Behind closed doors the.., p.4
Behind Closed Doors (The Worlds Behind Book 2),
p.4
“I believe that one isn’t typically supposed to be held fully responsible for one’s words while under the influence of certain…concoctions.”
“That only applies to alcohol,” YeoWoo retorted, and added, “And there’s a significant amount of debate about whether or not it ought to apply, if it comes to that. You can’t claim that the poison made you do it.”
“A great shame,” he murmured. “One presumes that you’re here to take a little lunch before you go out again on your no doubt very important business.”
“No,” she said. “I’m going to see someone who doesn’t want to be seen; you’d better come along and help me kick his door down.”

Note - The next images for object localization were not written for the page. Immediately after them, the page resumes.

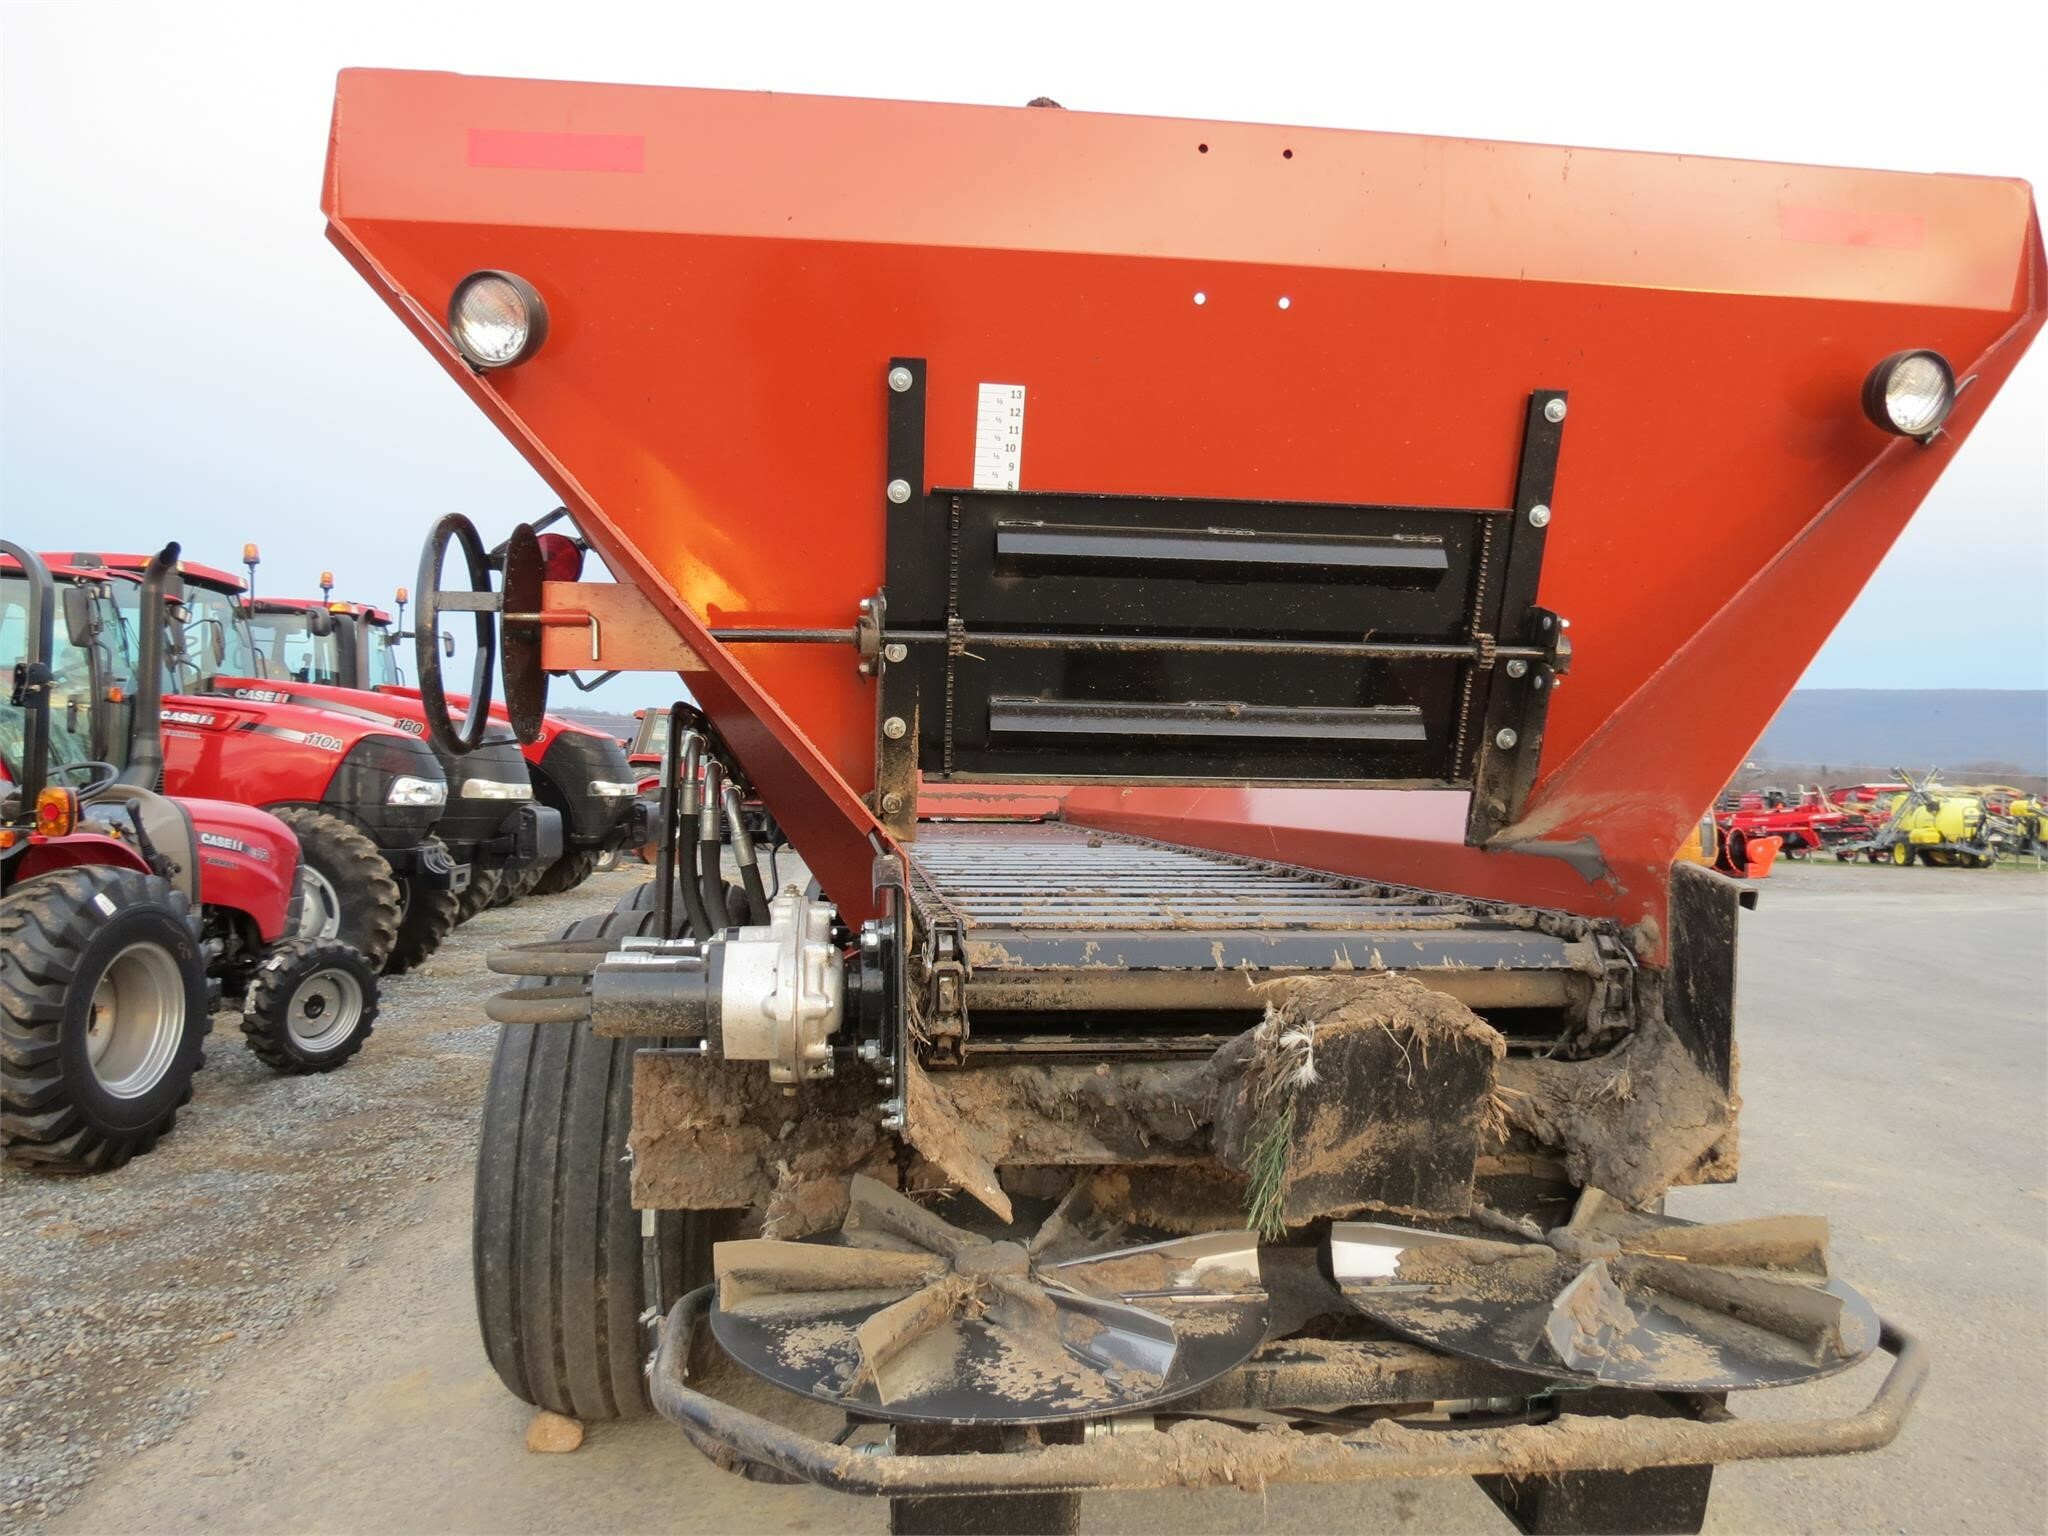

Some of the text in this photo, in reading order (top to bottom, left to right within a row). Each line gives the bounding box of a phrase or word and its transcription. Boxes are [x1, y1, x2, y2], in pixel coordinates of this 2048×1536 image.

[1011, 390, 1022, 399] 13
[1010, 408, 1021, 417] 12
[1008, 426, 1019, 435] 11
[1005, 444, 1016, 453] 10
[1009, 462, 1014, 471] 9
[398, 718, 424, 735] 180
[306, 732, 343, 752] 110A

“The elder doesn’t want to see you?”
“I don’t know if he doesn’t want to see me, or if he’s playing games with me,” she said, surprising him by being more perspicacious than he had expected of her. “You said it yourself: someone who wasn’t HimChan moved the body back to the villa. I remember that when the elders wanted me to join the family, they sent gumiho around with gifts first, and then they sent them with chips on their shoulder.”
“When you say gifts—”
“Hearts, livers—some of the ones who were more eager to bring me into the family left other things. When they saw it wasn’t working, they began setting the younger gumiho around the neighbourhood to snap at my heels whenever I went out.”
“It was not, I see, successful.”
“No, but it was useful,” YeoWoo said. “I was able to exercise and train quite often in those days. It was while I was most busy trying to find the elders who were responsible for my family’s deaths—I was annoyed at the interruption at the time, but it was enough to prepare me for the elders when I did get to them.”

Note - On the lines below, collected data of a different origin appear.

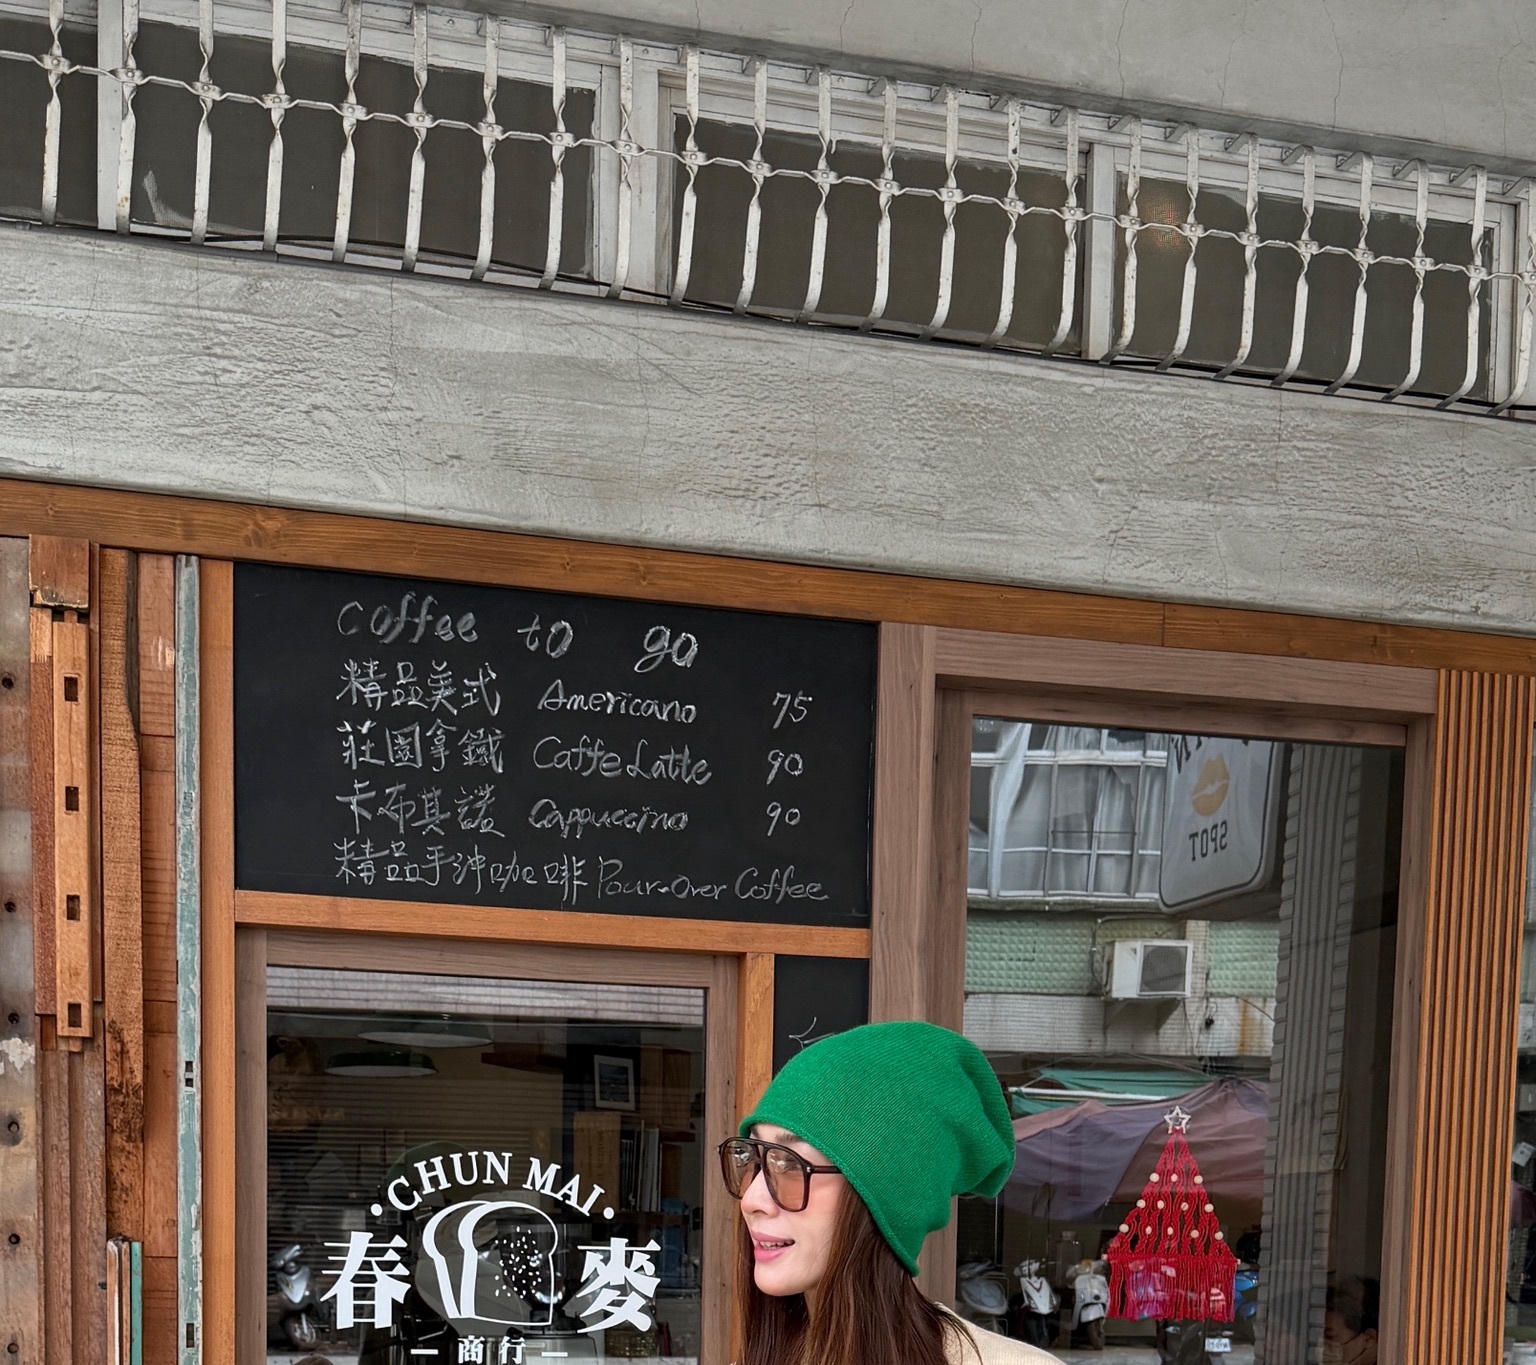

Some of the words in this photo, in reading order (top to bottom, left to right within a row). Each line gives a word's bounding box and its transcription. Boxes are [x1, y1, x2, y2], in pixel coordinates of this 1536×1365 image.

[517, 612, 574, 658] to
[336, 658, 501, 717] 精品美式
[537, 679, 698, 724] Americano
[772, 690, 813, 729] 75
[766, 749, 804, 785] 90
[528, 799, 689, 839] Cappuccino
[766, 802, 801, 836] 90
[734, 865, 829, 904] Coffee
[387, 1151, 513, 1212] CHUN
[522, 1157, 606, 1218] MAI
[320, 1231, 412, 1330] 春
[576, 1237, 662, 1335] 麥
[457, 1335, 528, 1365] 商行
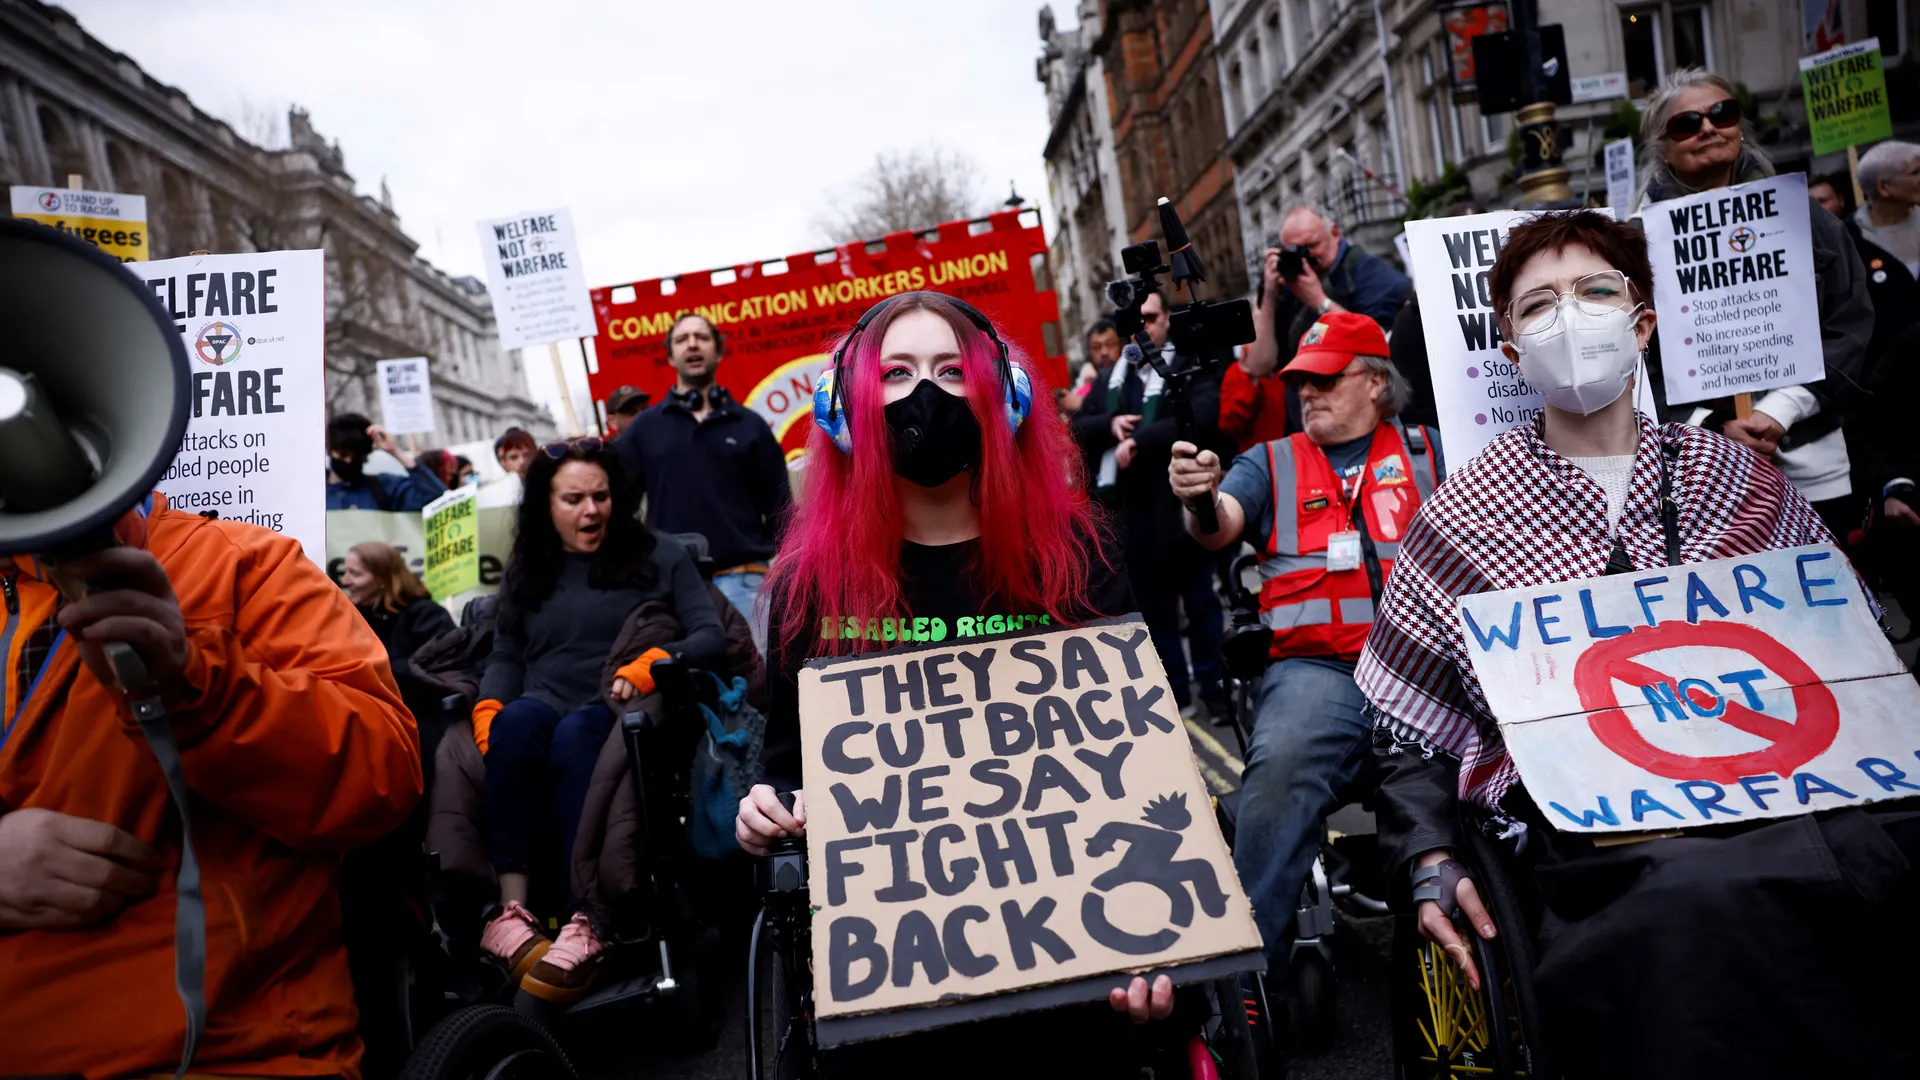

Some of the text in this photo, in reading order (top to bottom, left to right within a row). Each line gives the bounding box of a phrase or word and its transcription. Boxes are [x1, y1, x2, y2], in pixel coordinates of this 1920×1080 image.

“You’re of the opinion, I take it,” said Athelas slowly, who had had the same suspicion himself and was mildly surprised that YeoWoo had taken in the full import of his mockery last night, “that Peregrine has been doing something of the same kind. An attempt to bring you into the fold, so to speak.”

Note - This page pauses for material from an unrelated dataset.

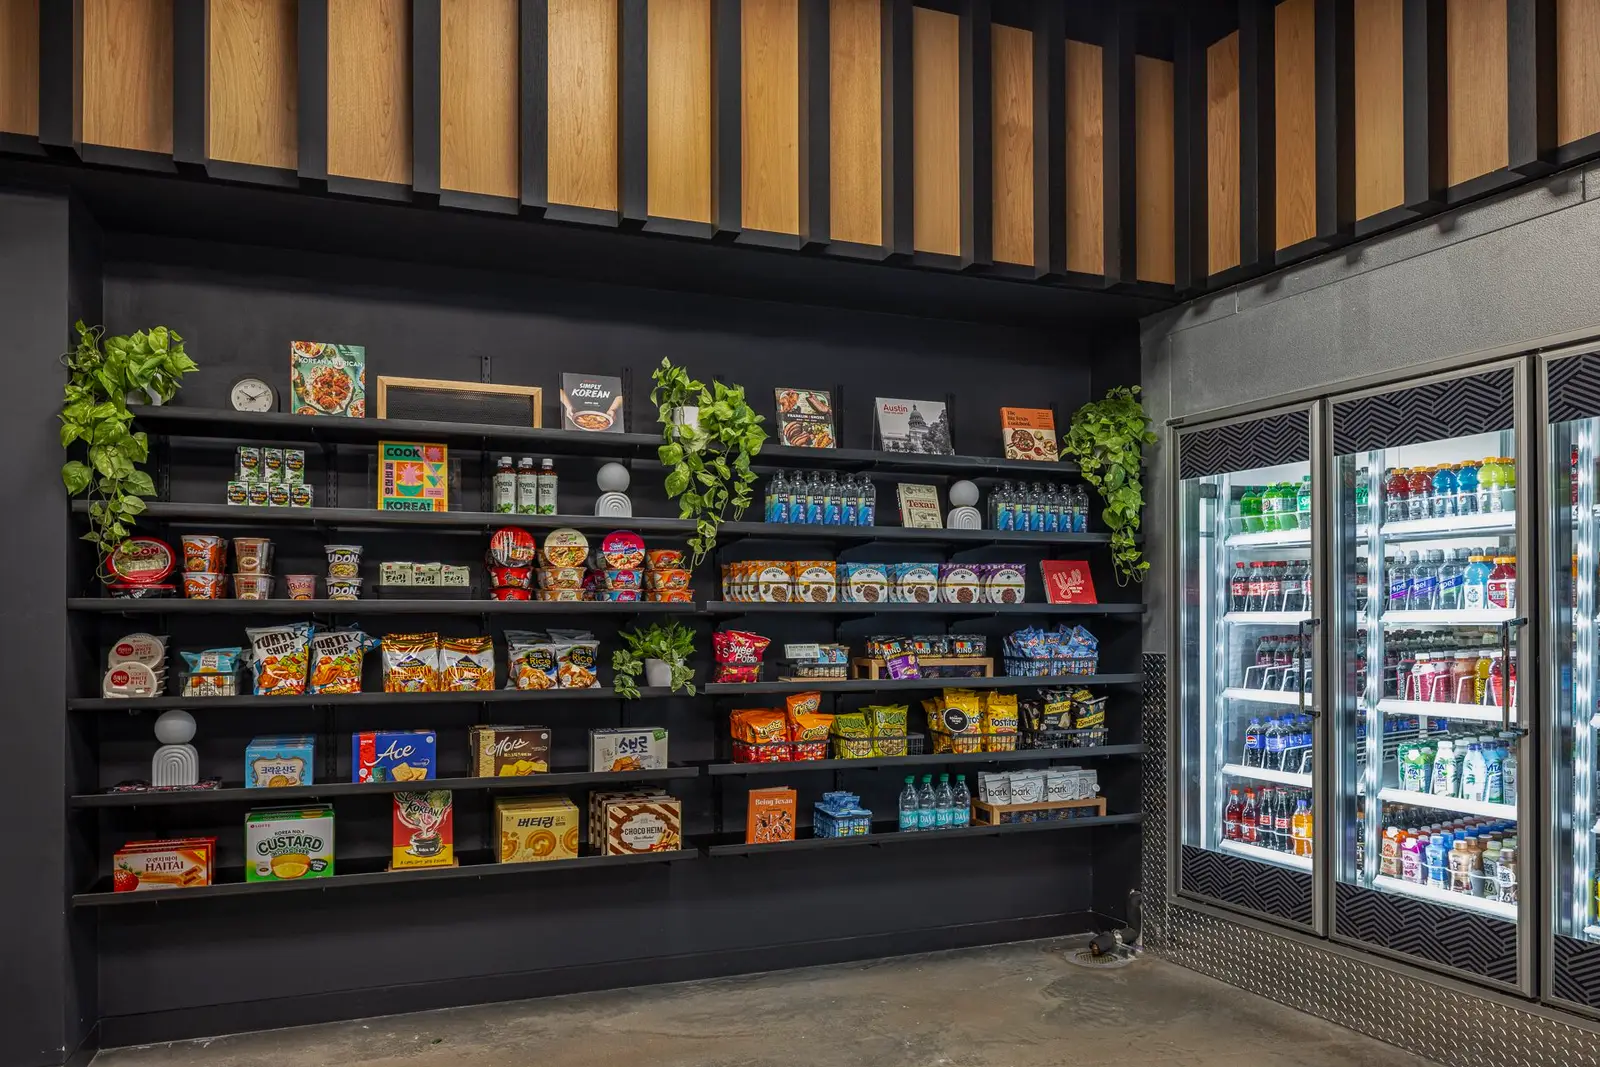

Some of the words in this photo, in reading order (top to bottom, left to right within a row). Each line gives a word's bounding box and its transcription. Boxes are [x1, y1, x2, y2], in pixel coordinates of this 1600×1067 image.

“He probably thought that moving the body back was the same thing as turning me in himself,” YeoWoo said. “And he probably expected me to come to him for some kind of help instead of turning to you. He warned me off you.”
“I can’t imagine he was the only one to have done so,” Athelas said mildly. He was quite certain that YoeWoo owed her current information to Zero’s answers; he was likewise certain that Zero would have made some objections to her connection with him, at the very least.
He didn’t expect her to answer the implicit question, and she didn’t. YeoWoo said, “Now that Peregrine knows he’s got my attention, it’s likely that he’ll try to keep me waiting. He might think he can reel me in by being slow with his information.”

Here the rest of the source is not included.